Start of Block
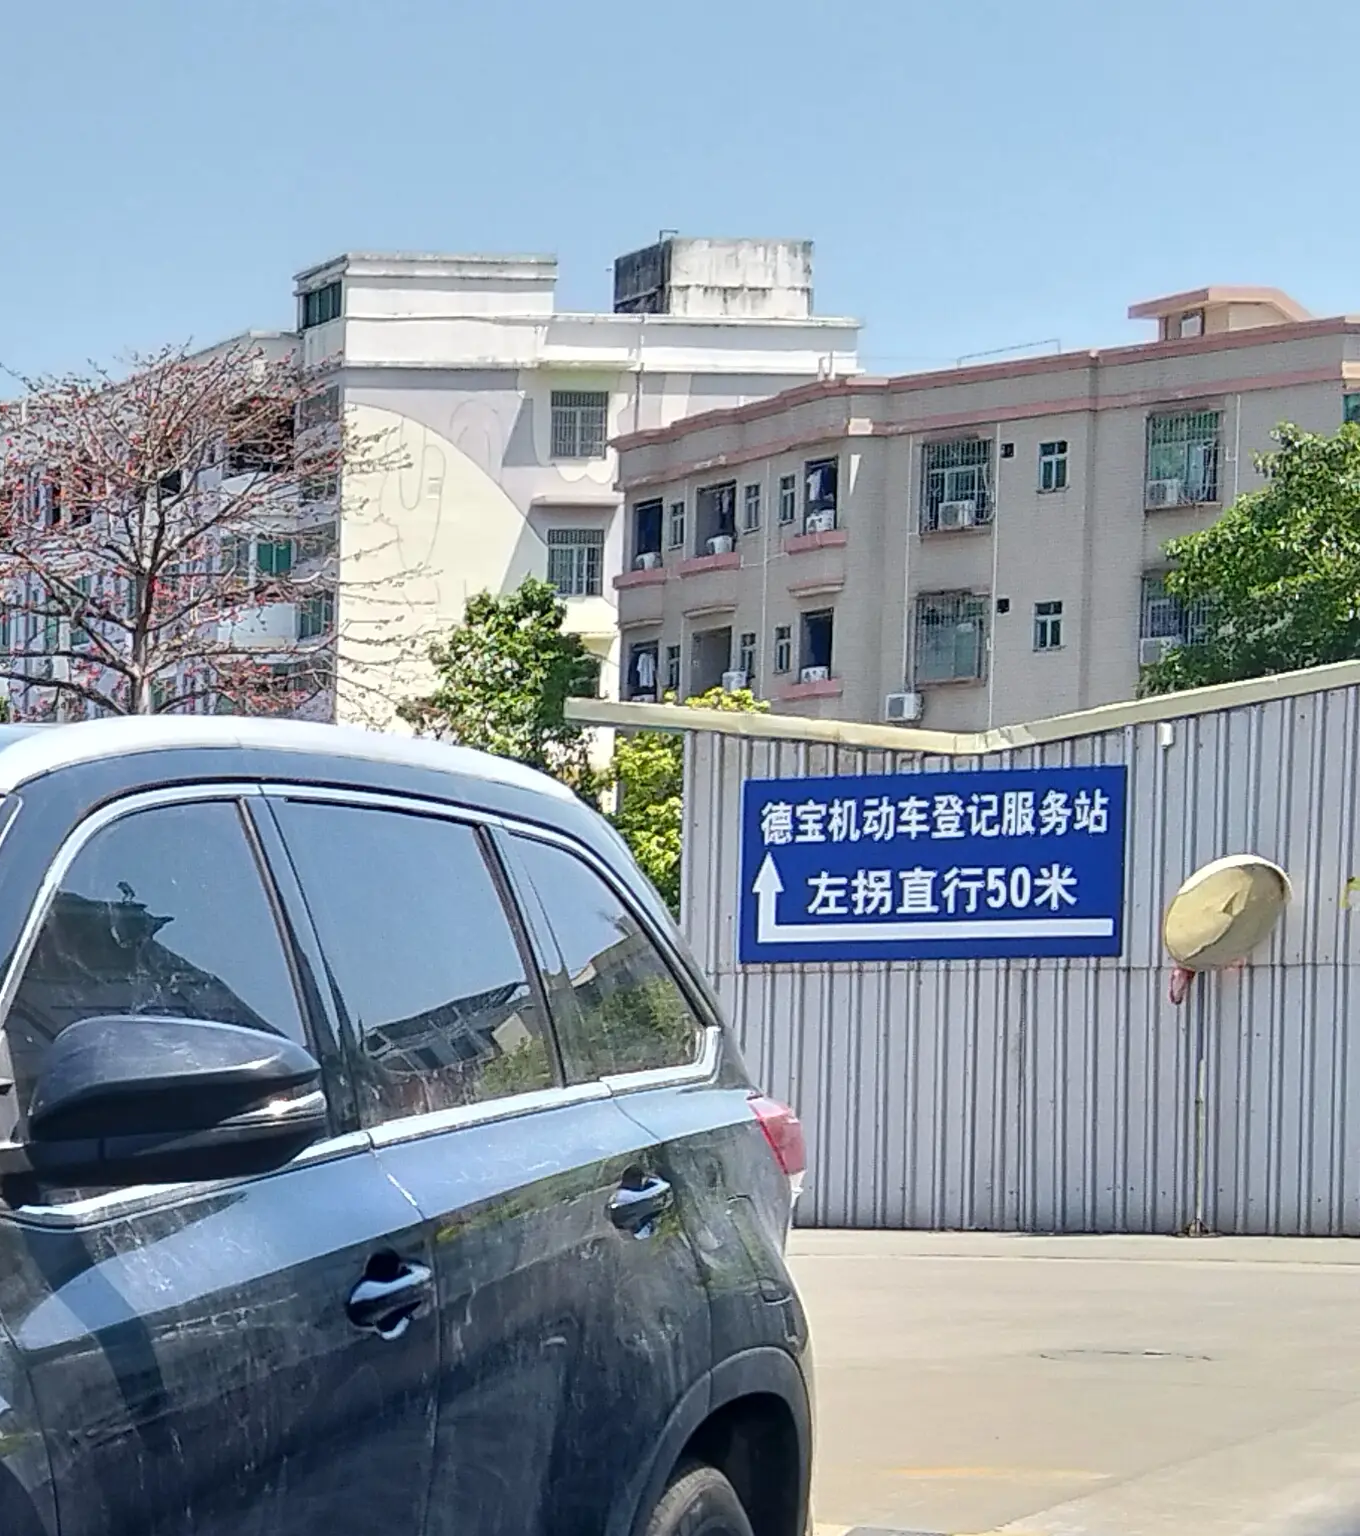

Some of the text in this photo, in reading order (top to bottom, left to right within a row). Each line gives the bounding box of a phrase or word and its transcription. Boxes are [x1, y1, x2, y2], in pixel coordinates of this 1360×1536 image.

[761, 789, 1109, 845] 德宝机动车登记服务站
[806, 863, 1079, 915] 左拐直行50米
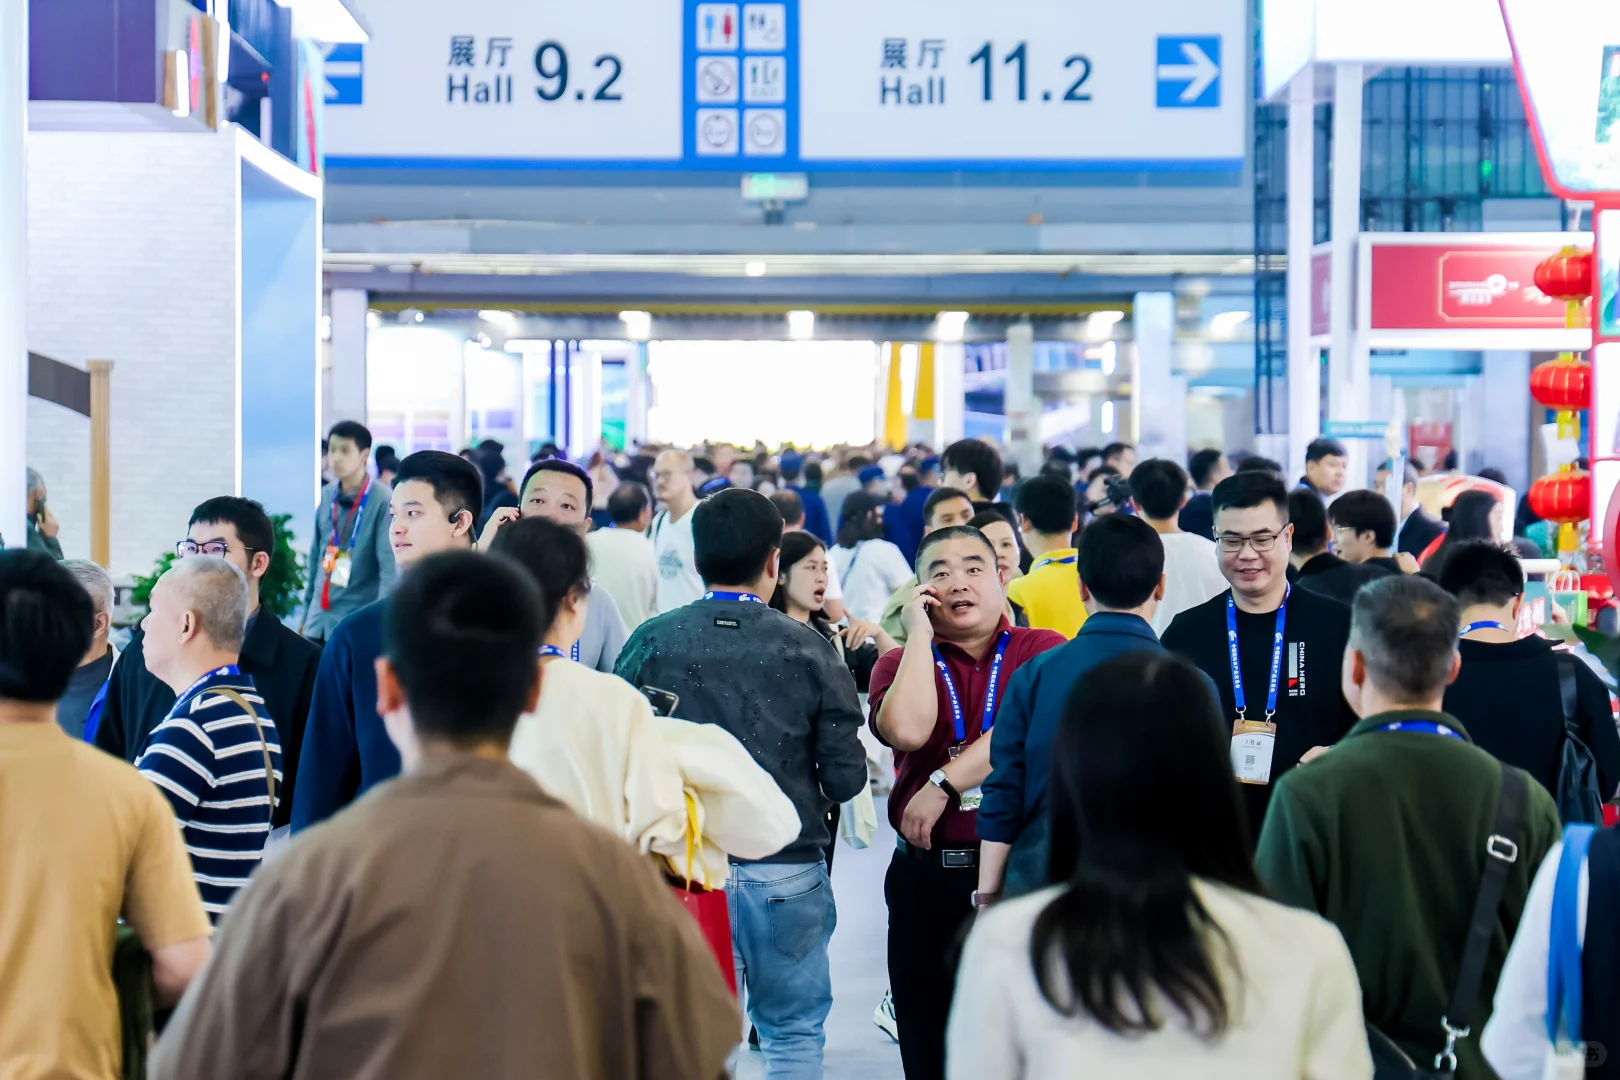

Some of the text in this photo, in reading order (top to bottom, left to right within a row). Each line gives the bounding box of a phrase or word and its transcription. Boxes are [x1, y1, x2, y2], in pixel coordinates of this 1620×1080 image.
End of Block
Start of Block
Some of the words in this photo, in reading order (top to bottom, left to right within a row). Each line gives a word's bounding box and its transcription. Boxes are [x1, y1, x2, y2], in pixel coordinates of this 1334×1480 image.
End of Block
> _WORK REQUEST_
The lines to reproduce run from the one above containing "this 1360×1536 image." through the one containing "this 1620×1080 image.". Copy them exactly and leave out all pictures.

> _ANSWER SECTION_
Some of the text in this photo, in reading order (top to bottom, left to right within a row). Each line gives the bounding box of a phrase or word and its transcription. Boxes are [x1, y1, x2, y2], in pixel coordinates of this 1360×1536 image.

[761, 789, 1109, 845] 德宝机动车登记服务站
[806, 863, 1079, 915] 左拐直行50米

Some of the text in this photo, in reading order (top to bottom, left to right within a row). Each line gives the bounding box of a phrase or word and its transcription. Boxes are [x1, y1, x2, y2], in pixel coordinates of this 1620×1080 image.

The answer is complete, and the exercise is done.